I’m in a waiting area. It’s a huge open space flooded with warm yellow-gold light as if we’re finally walking through the arches. It’s moderately crowded with people just like me, waiting and waiting for something they don’t know yet. The floor is grass and thankfully, it’s precisely the right kind of grass for walking through a childhood dream, because everyone is barefoot. Right in the center of all the conundrum happening in slow motion and softly muted color is a tree, short and stout with about a hundred branches reaching in crazy directions like she’s had way too many kids and now she has to take care of them all. But this tree is a miracle for a whole other reason: every time a leaf falls to the floor- which they do keep falling, like drizzling rain- another rises again to rejoin the branch it fell from. To oversee this process, God has stationed a woman by the tree. She’s a little over seven feet tall and inhumanly thin; her face is strangely hidden, but when the light touches her just right, it hits me with the feeling that I know this inhuman creature from somewhere. Surprisingly for that atmosphere, we have a set of doors on one side of the waiting area we’ve been stowed in; it looks like it belongs not far from the front gates of a palace but it’s almost comically out of place in a grassy haven like this. Every so often one door flings itself open wide or creaks halfway there slowly but surely and the woman by the tree directs one person through. On to whatever comes next.
I care about none of this. My twin sister- by my side birth through death and the space that lies outside those two events- is missing. I know she came here with me, we were hand in hand for that part, but now I don’t see her anywhere. Take it from me, it throws you off to lose sight of everything you’ve ever known at a time like this.

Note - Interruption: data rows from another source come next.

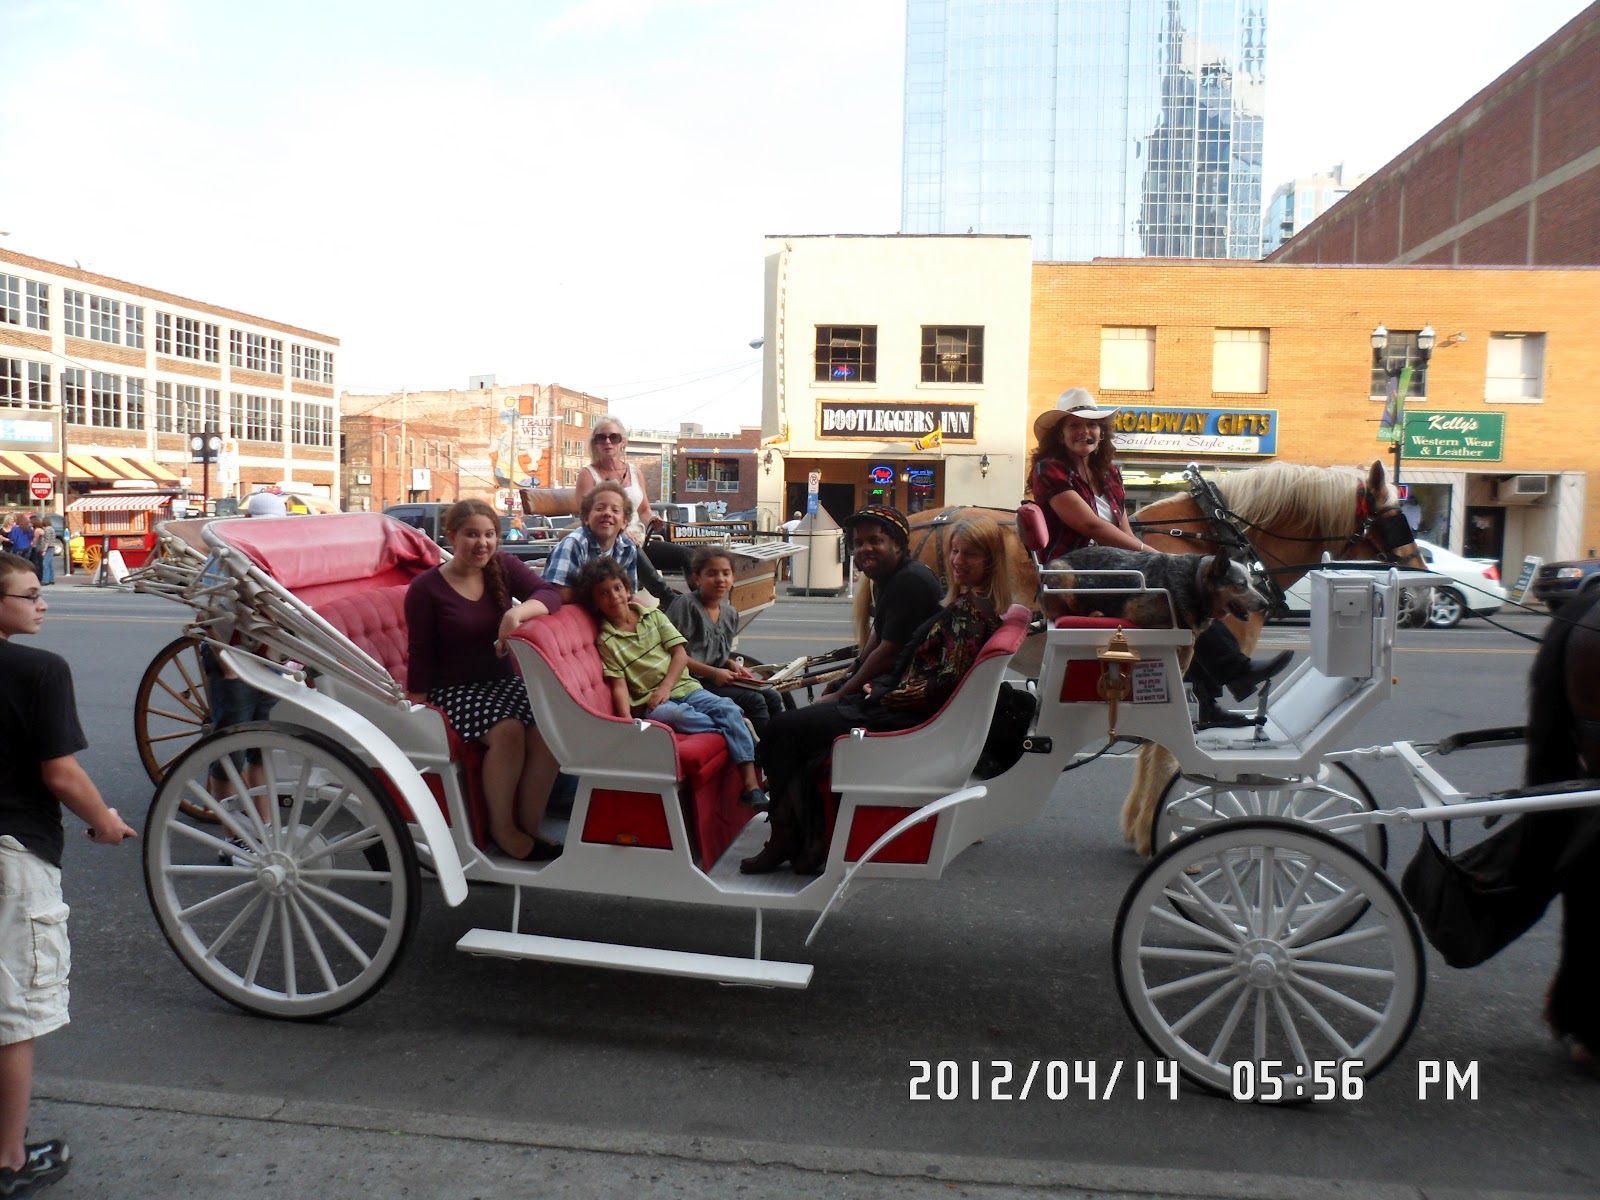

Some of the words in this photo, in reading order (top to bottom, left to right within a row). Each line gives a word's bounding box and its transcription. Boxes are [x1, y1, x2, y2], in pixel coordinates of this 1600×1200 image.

[521, 417, 551, 426] TRAIL
[823, 409, 934, 433] BOOTLEGGERS
[941, 411, 970, 433] INN
[1111, 411, 1209, 433] ROADWAY
[1217, 413, 1271, 435] GIFTS
[1428, 415, 1479, 433] Kelly's
[521, 426, 550, 436] WEST
[1113, 434, 1181, 447] Southern
[1186, 436, 1225, 449] Style
[1411, 436, 1459, 446] Western
[1464, 437, 1495, 447] Wear
[1420, 446, 1431, 455] &
[1436, 446, 1484, 457] Leather

“Danielle! Danielle, where are you?” I shout into the swirls of this space- all of a sudden it feels like we’re fading into oblivion and I panic.
“Danielle!” I bellow as loud as I can. Air rushes me, ripping the sound from my lungs and flinging it far away. I can hear her voice calling my name back to me, but she’s a ghost. The sound waves roll in without a being to carry them. “Daniel….” and I’m yelling back “Danielle…” wondering if either one of us can really hear or see the other.
In a shushing noise, one leaf falls from the tree, the sound ironically amplified inside of me. I look over to find a painfully obvious reason why; it sent earthquake ripples of aching from my throat to my gut. Two leaves float down the ground, gravity ever so gently working against them, followed by a bucket dumped down on top of them. My eyelashes are heavy by the time I feel salt brush my lips; Danielle is beside me, at last, to wipe it away. And miraculously the leaves come full circle, rising and rising to rest upon a high branch of the tree. The woman who seemed so alien and familiar before is now just familiar, like a mother putting her babies to bed. She holds out a hand toward each of us but shakes her head when we reach out to her. She walks one step ahead of us, towards the doors.
“Danielle and Daniel, fourteen years old,” she declares to the field of blue. We are finally beyond the door.